Set in a retro-futuristic version of New York City called New Rome, the film at times plays like an elaborate stunt designed to prove that, yes, men Really think about the Roman Empire all the time.

The new Rome is in decline, decaying, falling apart and saddled with debt and budget problems. Yes, this is a film based on public finance problems. Not surprisingly, it makes about as much sense as a city budget hearing.

To solve New Rome’s woes, brilliant architect Cesar Catalina (Adam Driver) gets a federal permit to clear the old city and turn it into something new, something beautiful, which in practice means creating a goofy-looking, science fiction cityscape is built from a special substance called Megalon, which can control time. (Unfortunately, this movie couldn’t move any faster.) But Catalina has a rival in the form of New Rome’s mayor, Franklin Cicero (Giancarlo Esposito), who wants to build something uglier and more conventional, a city more focused on satisfying the people’s needs now instead of creating a monument that will inspire people in the future.

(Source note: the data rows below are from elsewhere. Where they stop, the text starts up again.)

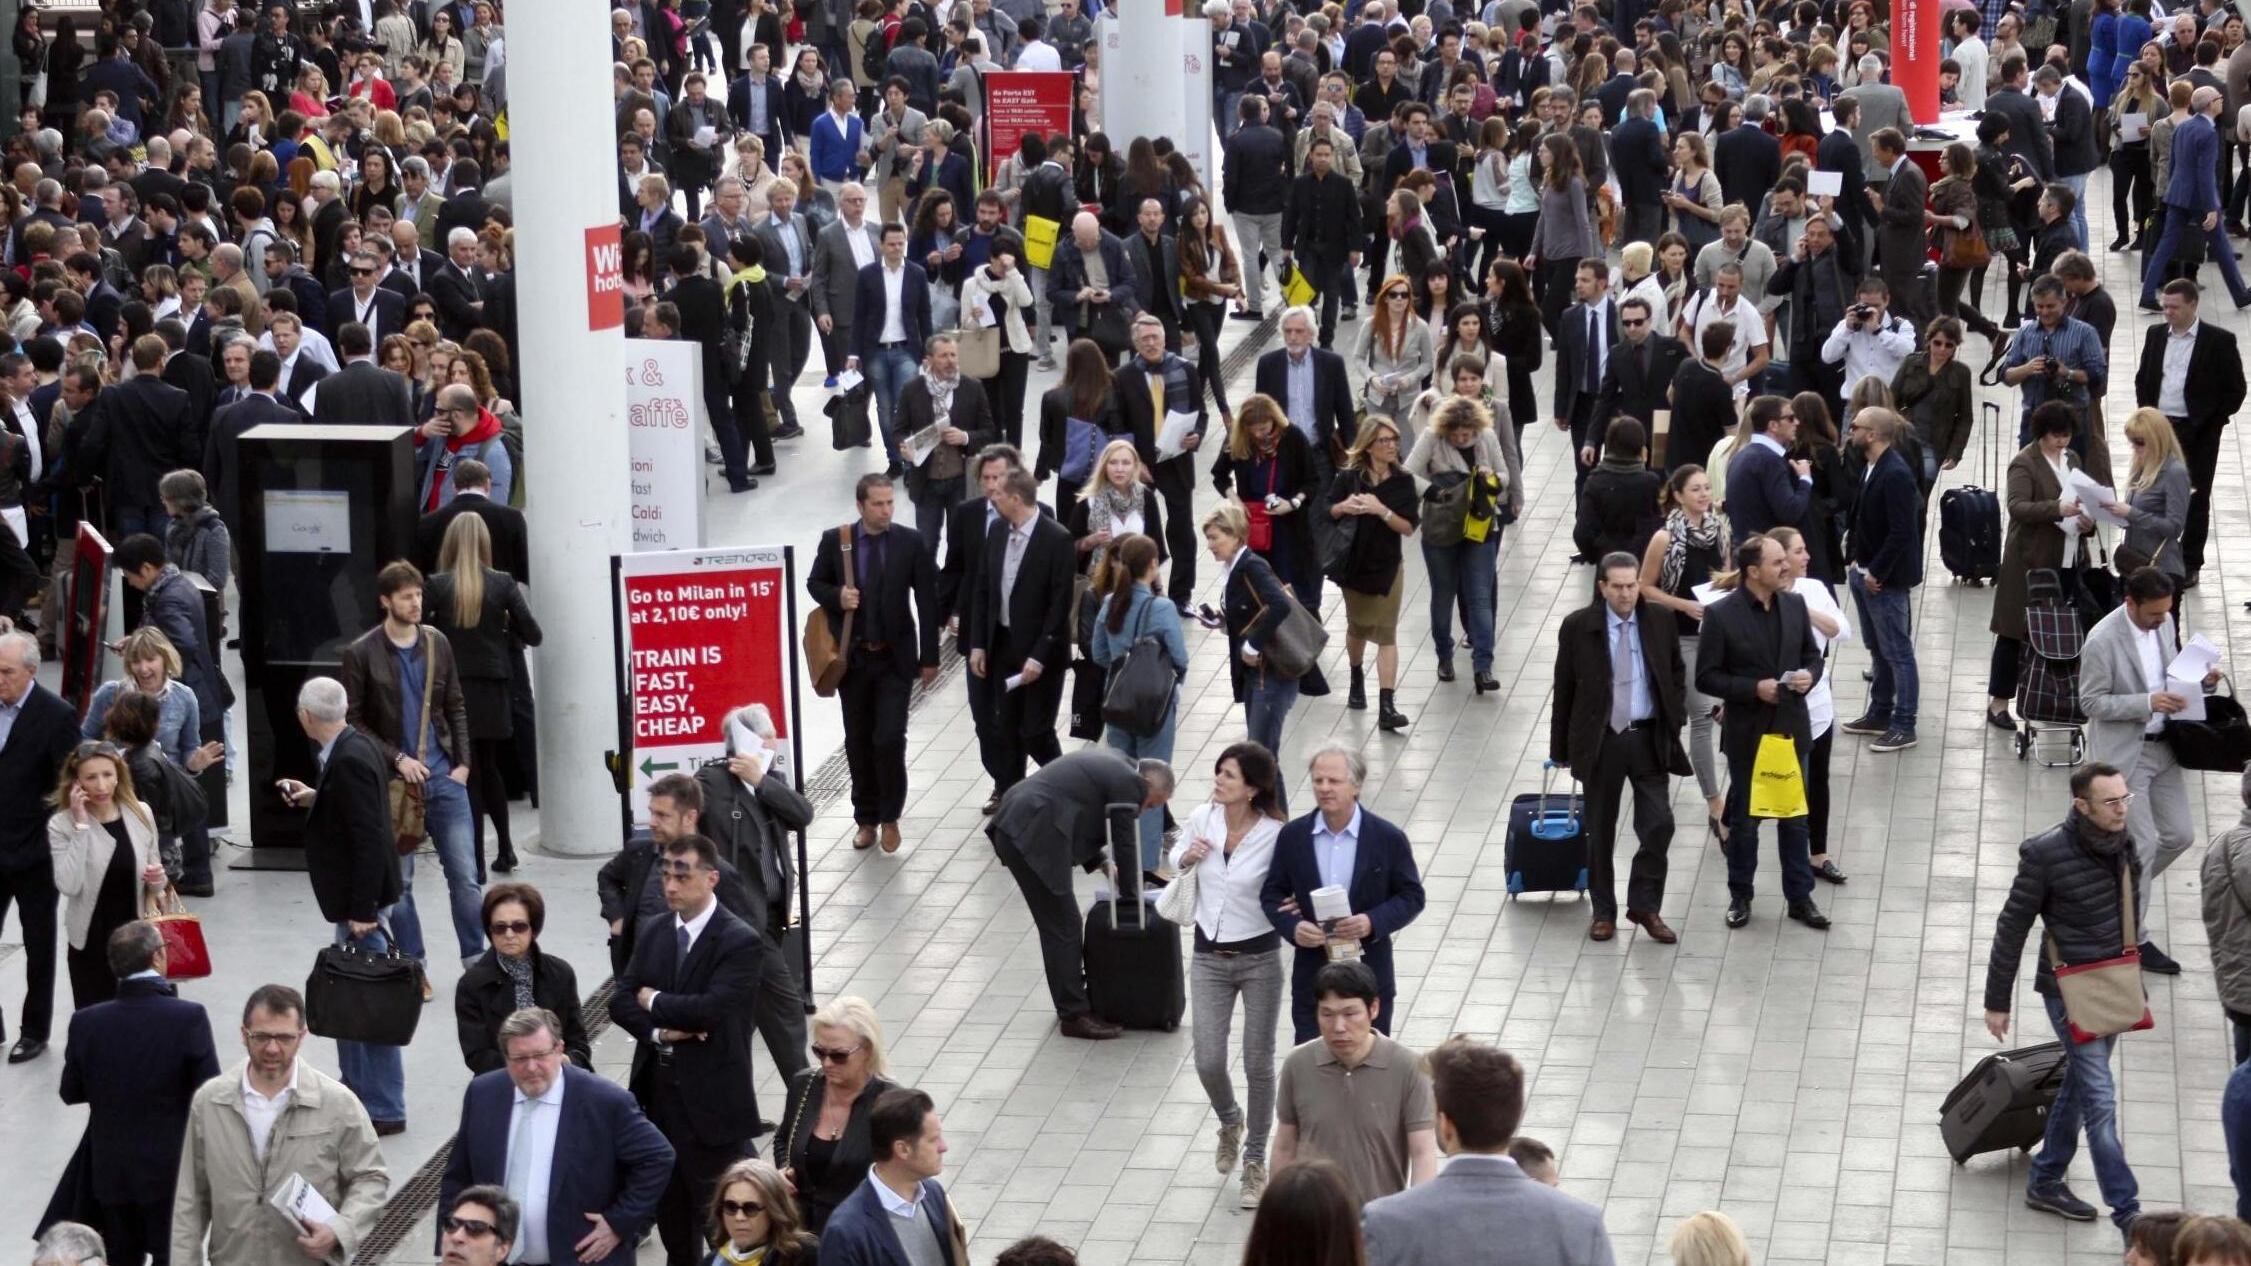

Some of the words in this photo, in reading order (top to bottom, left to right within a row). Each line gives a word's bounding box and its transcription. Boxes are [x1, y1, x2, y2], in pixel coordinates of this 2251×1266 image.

[641, 358, 664, 387] &
[631, 504, 662, 520] Caldi
[633, 528, 666, 544] dwich
[630, 589, 652, 604] Go
[657, 588, 673, 602] to
[678, 585, 724, 601] Milan
[729, 582, 745, 598] in
[631, 610, 648, 624] at
[652, 606, 700, 624] 2,10€
[705, 603, 747, 622] only!
[633, 648, 696, 669] TRAIN
[702, 646, 722, 665] IS
[636, 671, 694, 692] FAST,
[636, 695, 695, 715] EASY,
[637, 716, 706, 737] CHEAP

From this conflict emerges a city’s worth of characters and subplots, often featuring big-name acting talent: there’s Nathalie Emmanuel as Cicero’s beautiful daughter and Cesar’s love interest; Shia LaBeouf vamps embarrassingly as Clodio Pulcher, Cesar’s jealous cousin; Jon Voight as an evasive, older financial expert; Lawrence Fishbourne as Cesar’s driver and bodyman; Dustin Hoffman as Nush Berman, a city apparatchik; and Aubrey Plaza as a vain and egotistical TV personality whose name is Wow Platinum for some reason.

Wow. Just now…Wow.

What any of these characters want in the movie, or even what they’re talking about in a given scene, is often maddeningly unclear. There are complex government machinations at work that are never explained (fair enough, I guess), as well as various family ties and personal feuds that never quite coalesce into a simple plot.

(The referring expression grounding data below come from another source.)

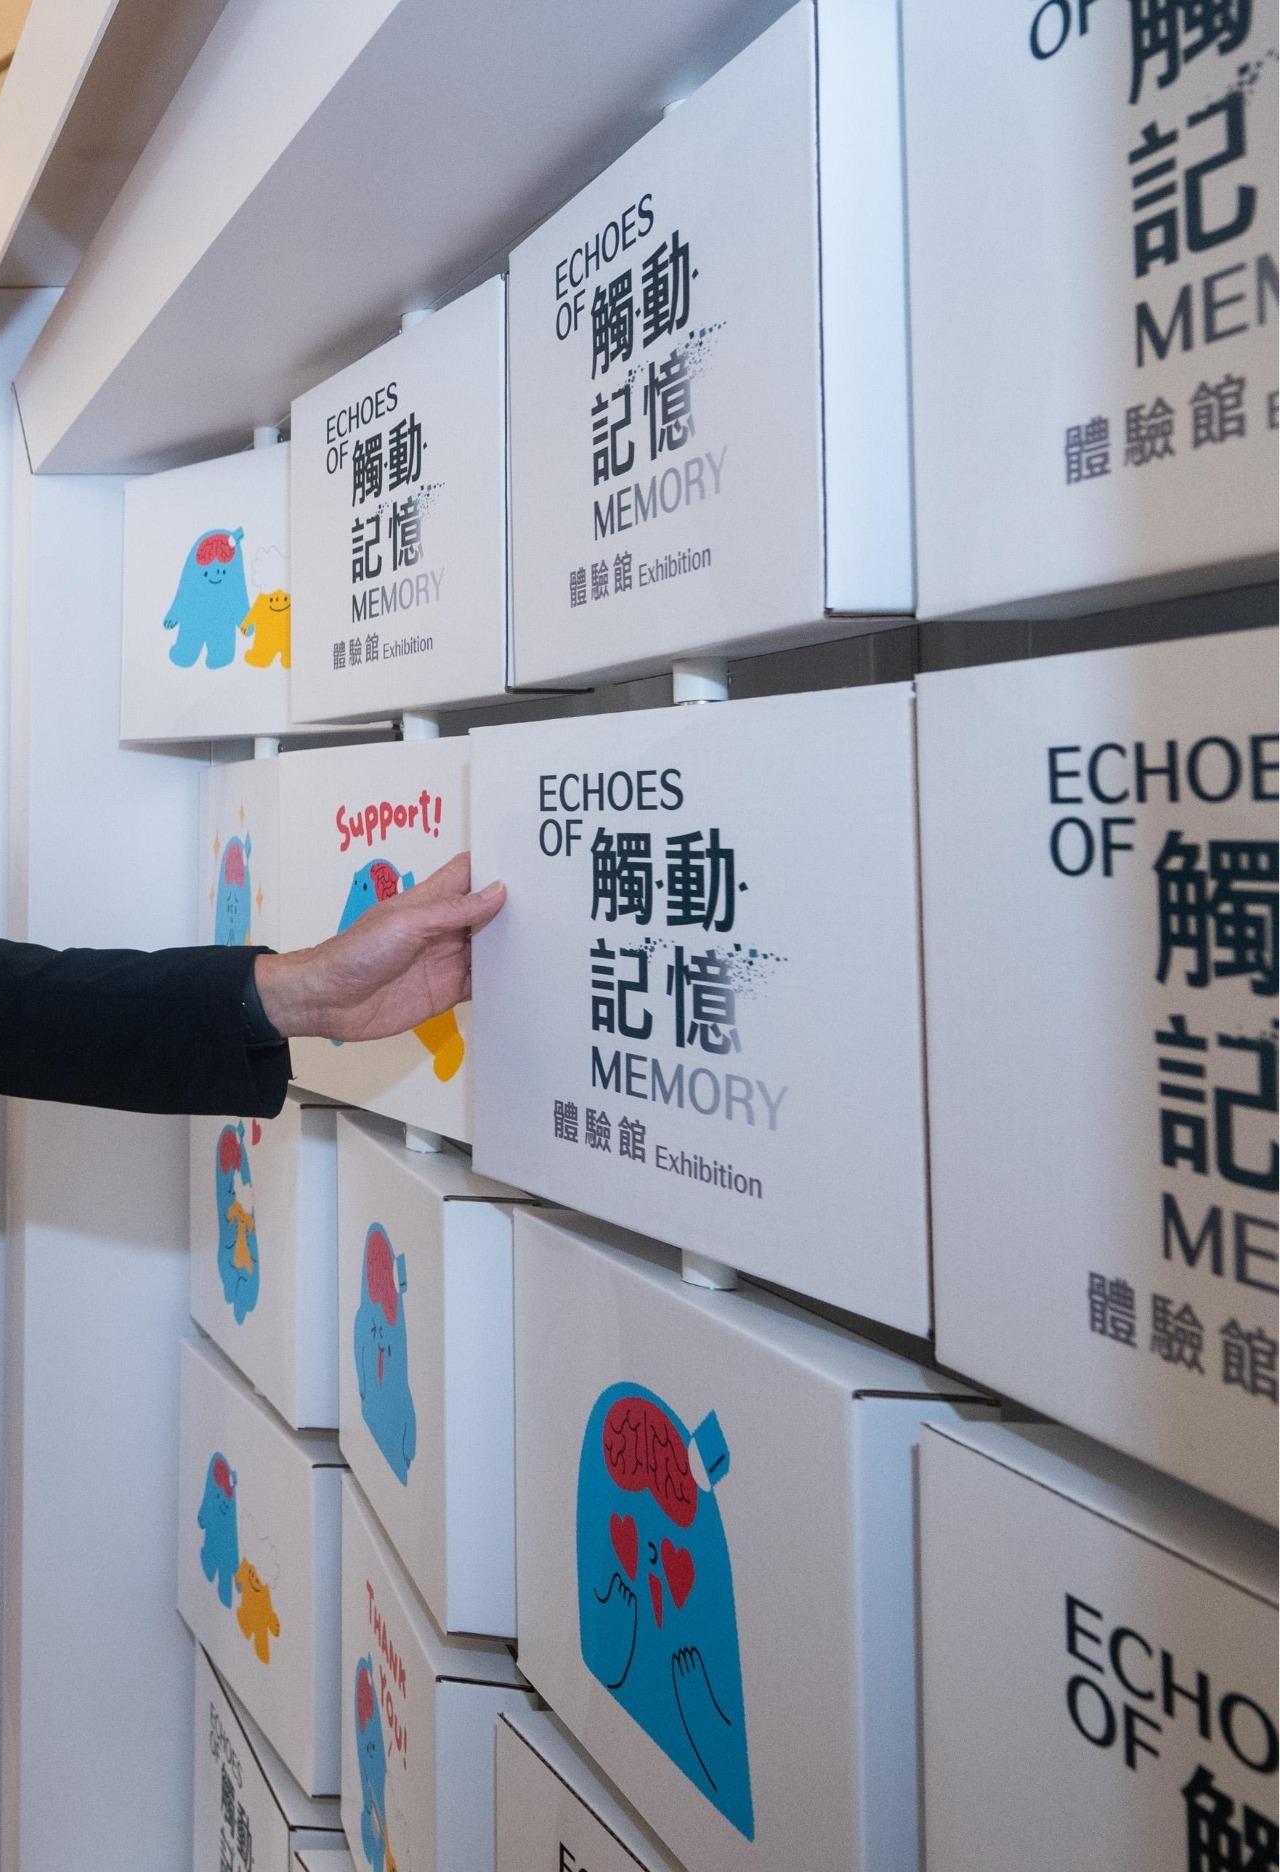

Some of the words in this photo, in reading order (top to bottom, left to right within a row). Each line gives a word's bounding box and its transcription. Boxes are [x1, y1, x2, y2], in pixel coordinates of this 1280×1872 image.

[1128, 90, 1257, 279] 記
[556, 193, 655, 301] ECHOES
[556, 288, 586, 342] OF
[326, 381, 399, 445] ECHOES
[326, 440, 350, 475] OF
[591, 350, 697, 488] 記憶
[1065, 374, 1247, 486] 體驗館
[593, 445, 730, 541] MEMORY
[351, 495, 424, 584] 記憶
[569, 550, 634, 609] 體驗館
[638, 547, 712, 588] Exhibition
[352, 567, 446, 625] MEMORY
[333, 633, 380, 670] 體驗館
[382, 635, 434, 660] Exhibition
[336, 790, 442, 852] Support!
[539, 768, 685, 813] ECHOES
[539, 818, 583, 857] OF
[1049, 815, 1137, 878] OF
[590, 938, 743, 1055] 記憶
[592, 1045, 789, 1132] MEMORY
[553, 1099, 647, 1164] 體驗館
[655, 1145, 763, 1200] Exhibition
[1087, 1271, 1278, 1402] 體驗館
[366, 1580, 407, 1698] THANK
[1065, 1591, 1278, 1775] ECHO
[379, 1664, 407, 1770] YOU!
[1066, 1674, 1163, 1770] OF

What the film comes closest to a unified dramatic arc is Cesar’s quest to build his new city, but far too often: Megapolis deviates from the course and from the subject. At their best, these detours offer inspired visions of the decadence of a falling republic, as in a showy circus event at the revamped Madison Square Garden that features both chariot races and professional wrestlers. At its worst, the film’s middle hour is simply disjointed to the point where it might have been even more exciting if more time had been spent on the details of city fiscal policy.

Megapolis wants to be about everything, but in the end it is about very little.

To the extent that a clear theme emerges, it does so almost unintentionally. For all its sociopolitical images, Megapolis isn’t really a movie about America or Rome or human nature. It’s about art, ambition and commerce in Hollywood.

Cesar is quite clearly a replacement for Coppola: he is surrounded by visionless leaders, selfish fighters, sneering sycophants and squeaky money men. He wants to create something great, something impossible, something never seen before, something for posterity. He understands that great artists and great visions are not understood or appreciated in their time, but he perseveres anyway, for the sake of the future. The difference is that Coppola didn’t create a city; he made a movie.

I’ll say this to Coppola: the man is a true visionary. His filmography from the 1970s – two Godfather films plus The conversation And Apocalypse now– perhaps the best four-film series from any director ever. For all his clumsiness, his ambition is radical and commendable.

But Megapolis is a mega mess. Few will understand or appreciate it now, and I have my doubts about the future.